Mikael doesn't know it at first, but the title character Lisbeth Salander takes an interest in his case after hacking his computer for another job. Lisbeth is by far the most interesting character and comes from a dark and sordid background. She is 24 years old and still has a guardian assigned by the state for some reason. Eventually, Mikael and Lisbeth track various tenuous leads and get pulled into a mystery bigger than either imagined.

The movie taught me quite a lot about storytelling. Since I've been writing my own novels, I pay close attention to how movies and novels progress their stories. The main thing it taught me is that motivations for your villains is a nice to have, but not 100% necessary. You can just have them just being evil with almost no explanation - the success of the book and movie are proof of this. Another lesson that I've already learned from Taken with Liam Neeson - if you make the villains evil enough, your hero can do whatever they want to them and you will feel absolutely no sympathy.

Tuesday, June 1, 2010

Movie: Van Diemen's Land (4/5) (2009)

The cinematographer did an absolutely amazing job. The last time that I was THAT amazed at a movie's visuals was Girl with a Pearl Earring (2003) where every frame was like a 17th century painting.

In Van Diemen's Land a group of Irish, English and Scottish criminals engineer an escape from Macquarie Harbour, Tasmania (formerly known as Van Dieman's Land), an end-of-the-road place for men whose punishment is a lifetime of slavery.

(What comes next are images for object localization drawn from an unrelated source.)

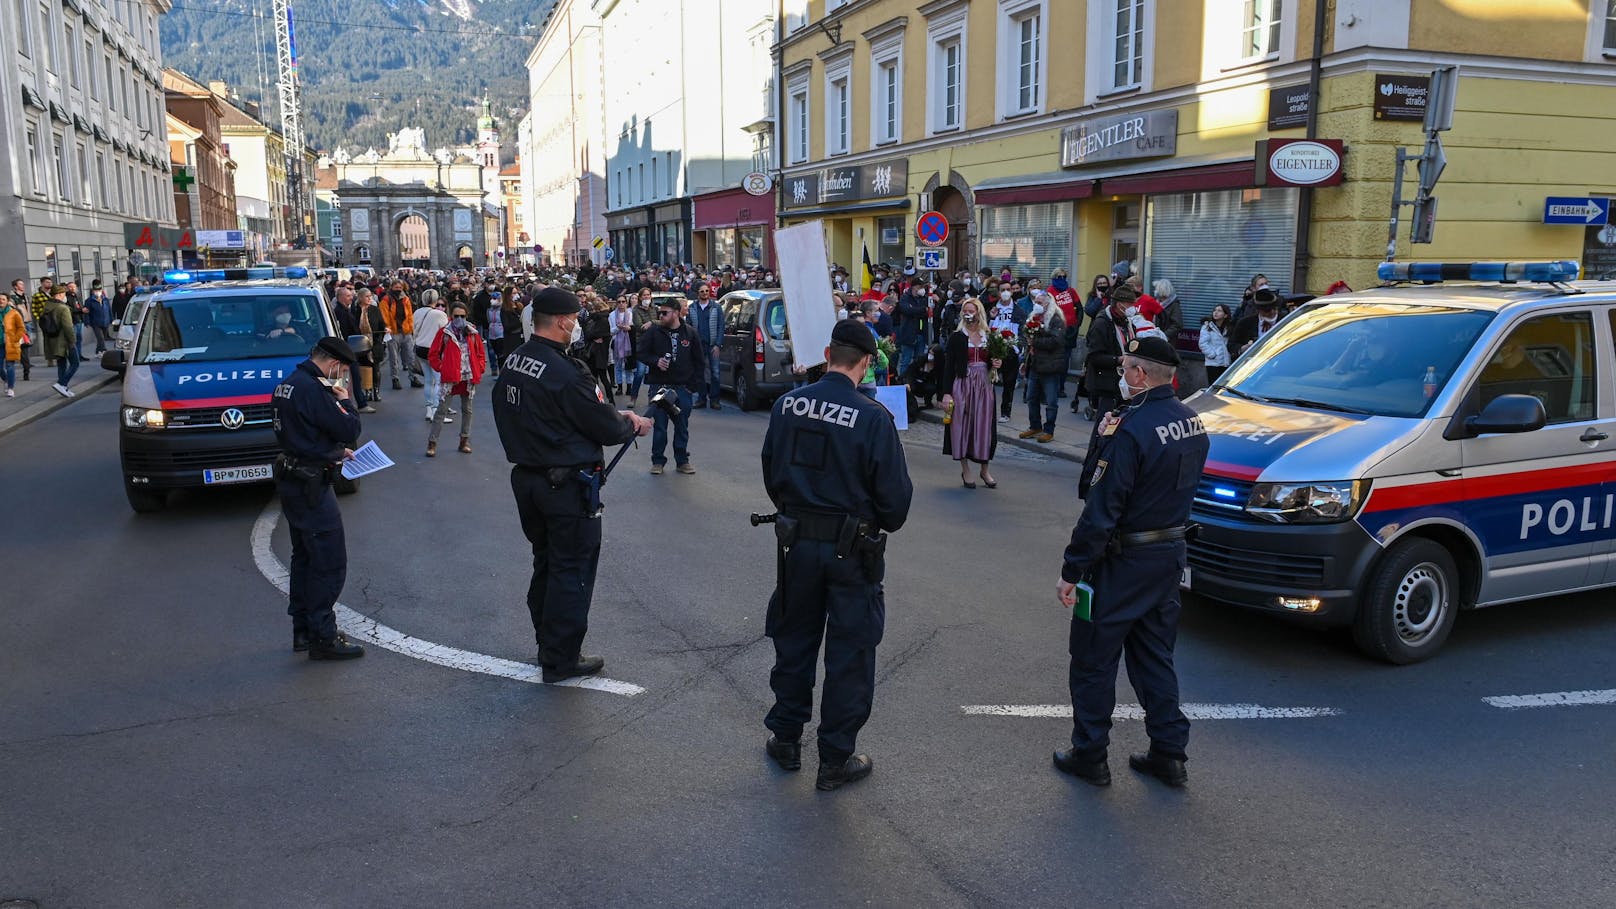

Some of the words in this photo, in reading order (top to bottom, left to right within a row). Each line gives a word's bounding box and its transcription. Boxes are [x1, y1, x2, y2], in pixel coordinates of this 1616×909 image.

[1289, 102, 1308, 113] straße
[1405, 97, 1426, 106] straße
[1068, 117, 1145, 163] EIGENTLER
[1276, 159, 1333, 170] EIGENTLER
[1552, 206, 1586, 215] EINBAHN
[178, 370, 283, 385] POLIZEI
[781, 396, 860, 428] POLIZEI
[213, 469, 229, 481] BP
[234, 467, 268, 479] 70659
[1519, 494, 1614, 540] POLI
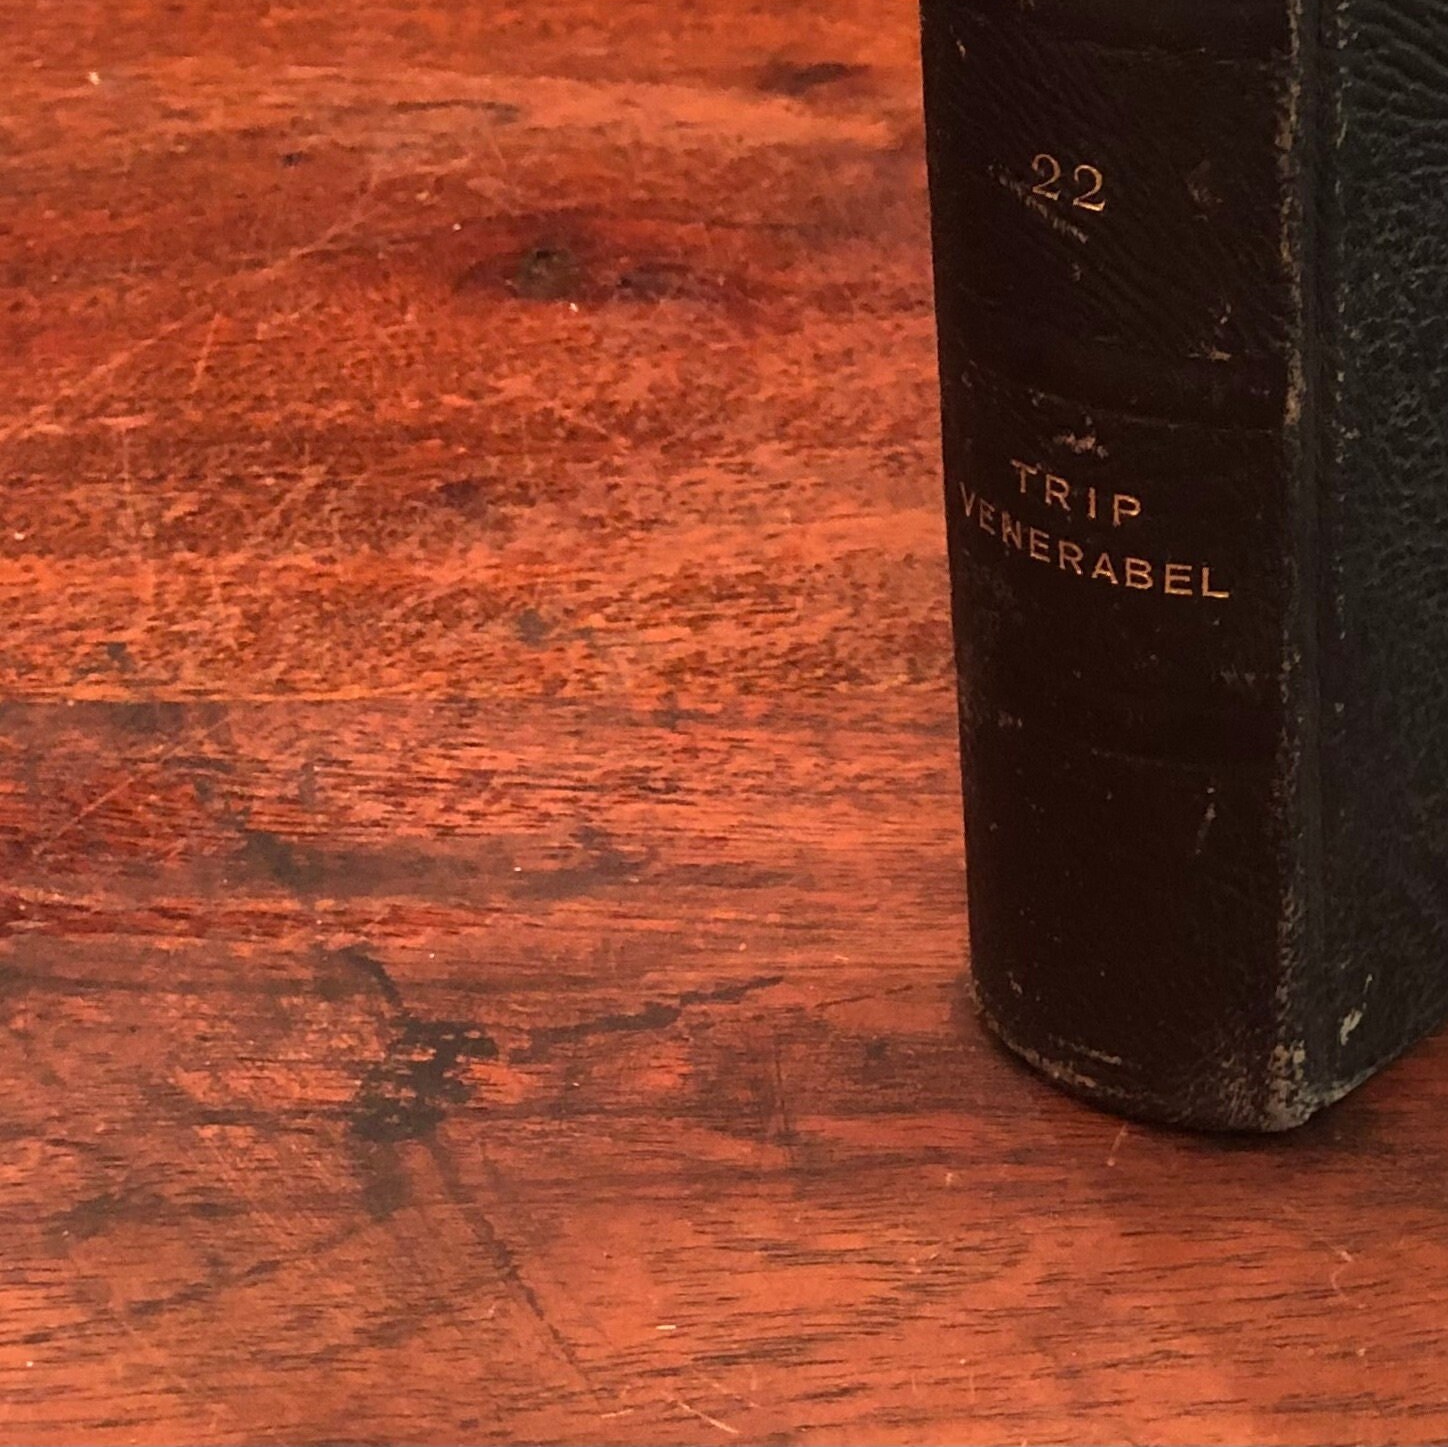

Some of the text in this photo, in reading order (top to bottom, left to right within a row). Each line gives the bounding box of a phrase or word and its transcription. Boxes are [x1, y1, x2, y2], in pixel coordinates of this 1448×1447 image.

[1030, 153, 1107, 212] 22
[1010, 459, 1142, 527] TRIP
[958, 481, 1230, 599] VENERABEL

Their escape goes wrong and they end up running into the forest to escape British soldiers.

The camp fire scenes were amazingly lit - like worn paintings of faces in amber and black. The lighting techniques were repetitive, either a camp fire scene, a long, scenery shot or men walking in the forest, but so, so realistic. I was regularly in awe of the look and feel.

The movie had impact, a realism that is rare in film. The dirt under the fingernails, in the ears, on the skin, teeth and clothing looked right. At no point were you ever pulled from the movie - it surrounds you with the hunger and anxiety of the characters. The brutality is ultra-real and as far from being romanticized as is possible.

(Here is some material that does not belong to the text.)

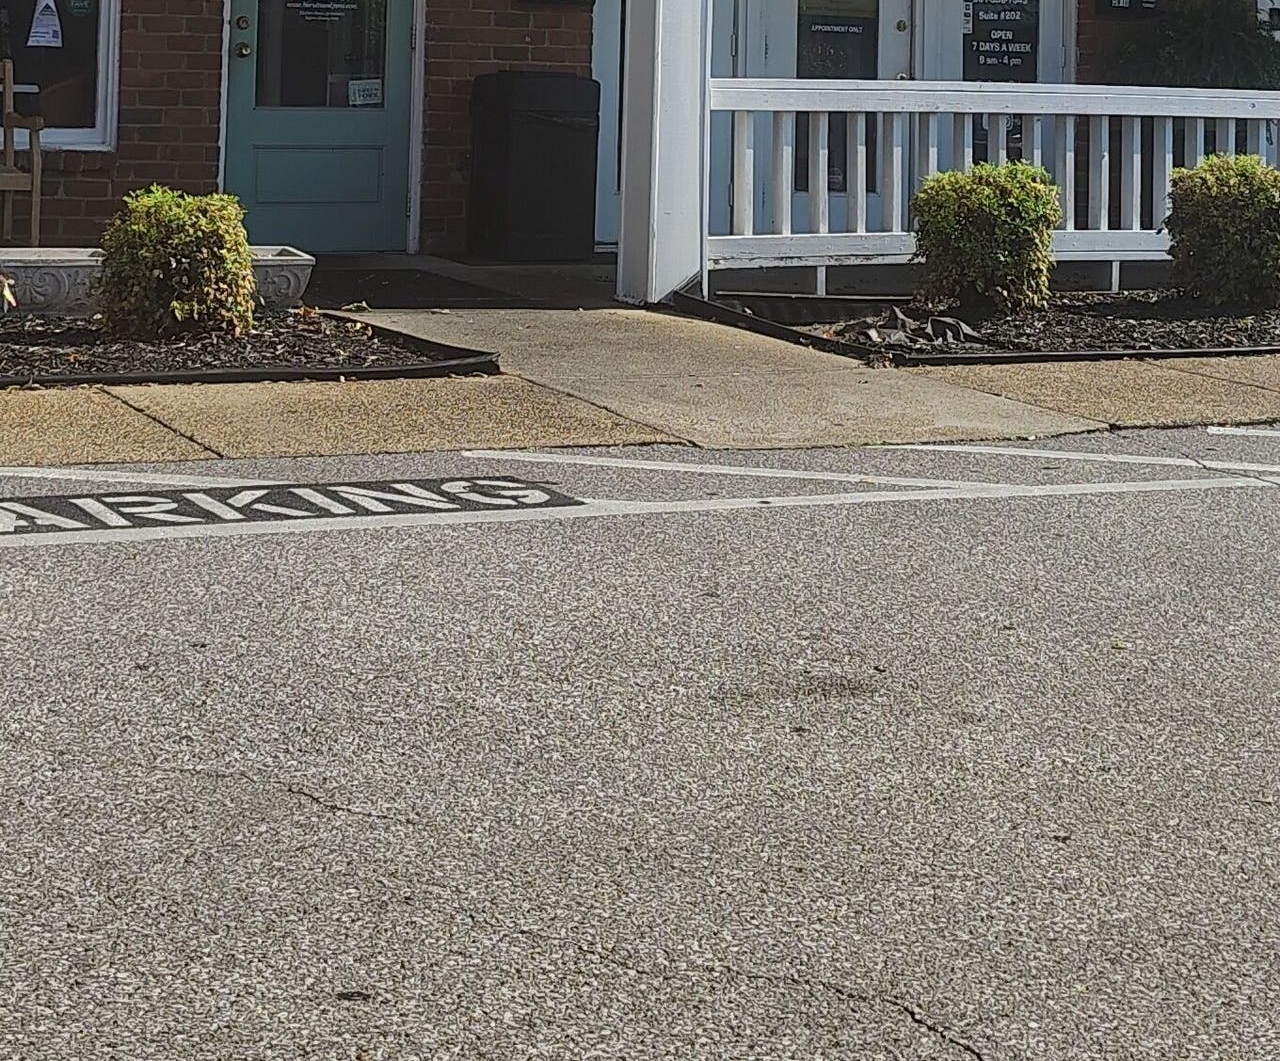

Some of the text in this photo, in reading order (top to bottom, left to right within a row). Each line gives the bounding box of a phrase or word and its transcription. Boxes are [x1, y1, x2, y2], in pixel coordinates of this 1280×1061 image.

[978, 11, 999, 20] Suite
[990, 30, 1013, 40] OPEN
[979, 42, 1000, 52] DAYS

The story is simple. A story of escape and survival in the wilds, about desperate measures in harsh circumstances.

The character of Alexander Pearce narrates in Irish Gaelic, and the film makers decide to turn him him into an eloquent poet, a literary genius and philosopher, rather than just a common, murderous thug. It was the right choice to make Pearce narrate in something other than English and make his English rather poor as it heightens the tension and make Pearce even that much more of an outsider.

This is a brilliant but disturbing film that is amazing to watch. I want film makers to watch and learn from this film.